Aim: Study the changing trend basically in the Upper - Assam region of India and its prospects.
Case setting and design: Retrospective study of patients presenting with Nasopharyngeal Carcinoma between the study period of one and a half year (Jan 2014 – Jun 2015) in the, Department of Otolaryngology and Head and Neck Surgery, Assam Medical College, Dibrugarh, Assam, India.
Materials and methods: Fourteen patients were treated in the study period. Different approaches were used.
Results: Nasopharyngeal carcinoma is not confined to any specific ethnic community or age, however bimodal peak was again proved and concurrent chemo-radiation therapy was better than other treatment modalities.
Conclusion: Bimodal peak occurrence of the disease should be emphasized and chemo radiation should be the treatment of choice.

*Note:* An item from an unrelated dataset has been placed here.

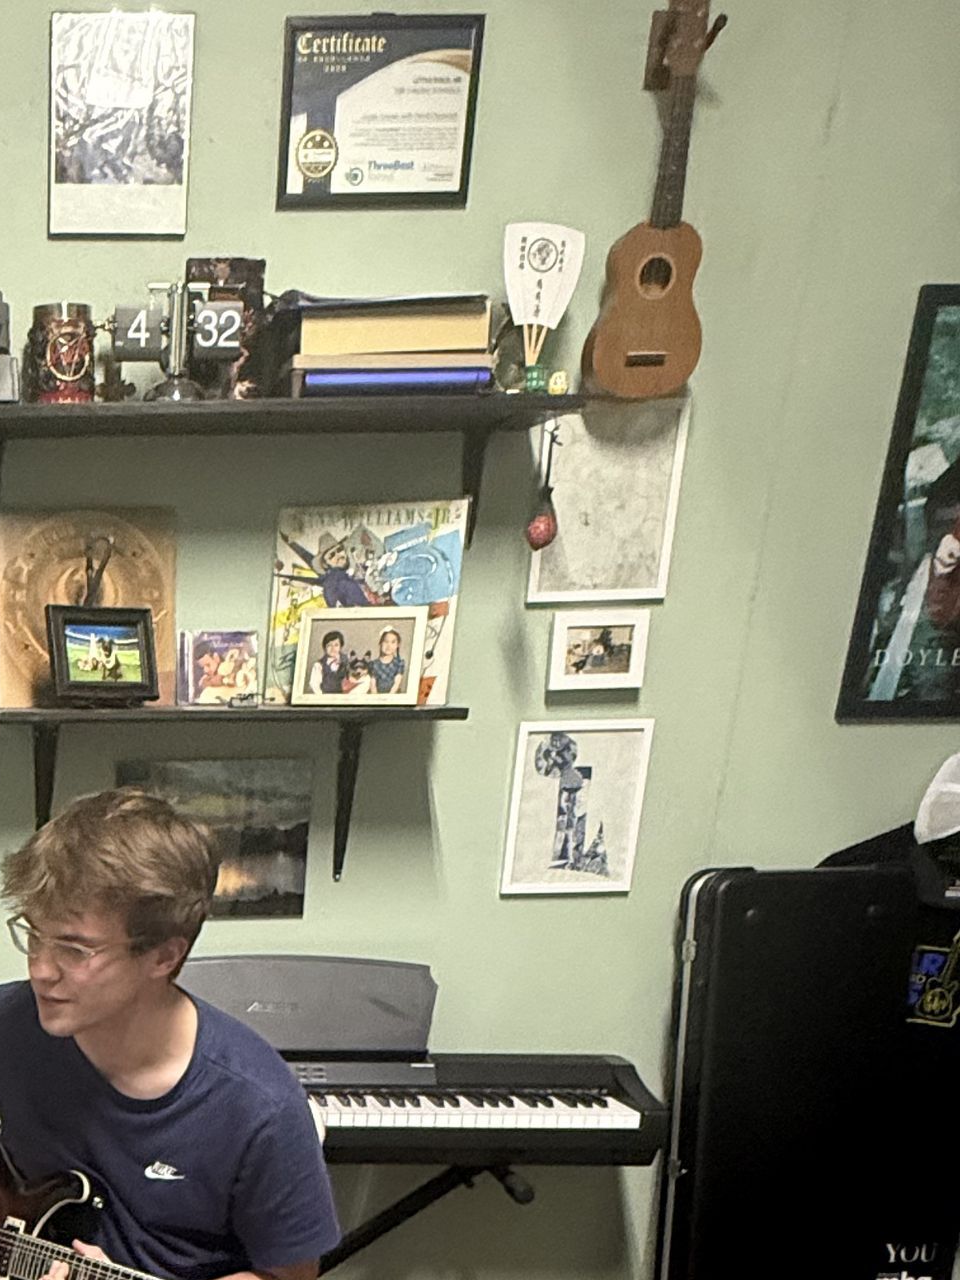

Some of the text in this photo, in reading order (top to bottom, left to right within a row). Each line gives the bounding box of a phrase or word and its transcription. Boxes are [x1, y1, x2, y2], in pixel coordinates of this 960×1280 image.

Nasopharyngeal carcinoma is a rare disease all over the world. It has often been less evaluated, misdiagnosed, partially treated, most commonly recurred and prognostically poor carcinoma. It has a bimodal peak with occurrence in the late second decades and in the fifth decades. Presently the incidence of nasopharyngeal carcinoma is low in most parts of the world. The rates are twice as high in males as in females . There has been higher incidence of disease in certain parts of the world mainly south East Asia and southern China. Highest incidence has been reported among people of Guangdong province and Guangxi region of China where the incidence is around 50 or more per 100000 people per year . There has been an increase in the incidence in the upper- Assam region of India. There has been an upsurge in the number of cases reporting to our department, Department of Otolaryngology and Head and Neck Surgery, Assam Medical College, Dibrugarh, Assam, India. Since the department caters to the need of most of the people residing in the Upper - Assam region of India, it can be well said that a changing trend has been seen in the incidence of the disease in recent times. Most of patients present with mass in the neck, nasal obstruction, hearing disorders, bleeding
from nose. The most common presenting symptoms are severe, recurrent epistaxis with persistent nasal obstruction. As the disease progresses, facial pain and deformities, and cranial nerve palsies may occur. The diagnosis of nasopharyngeal carcinoma is essentially based on a careful history and nasal endoscopic examination, supplemented by imaging studies using computed tomogram (CT) and Magnetic Resonance Imaging (MRI). Aspiration cytology to establish histological diagnosis can be carried out. An increase in the reporting of cases was seen during the last year. Although the disease is more in southern Asia it has less relation with ethnicity rather than food habits and environmental set-up. The Naga people with an incidence of 4.3per 100000 people in the upper-Assam and nearby region has been the main concern of the various studies . However other communities having the same cultural practices are now having a rise in the incidence of the disease. This is mainly due to the increase in the populated households and ill-ventilated houses, practicing of salted food- habits and the risk of EBV which is still in research. The present treatment is primarily radiation therapy followed by chemotherapy with cisplatin and other chemotherapy groups mainly docetaxel and 5FU.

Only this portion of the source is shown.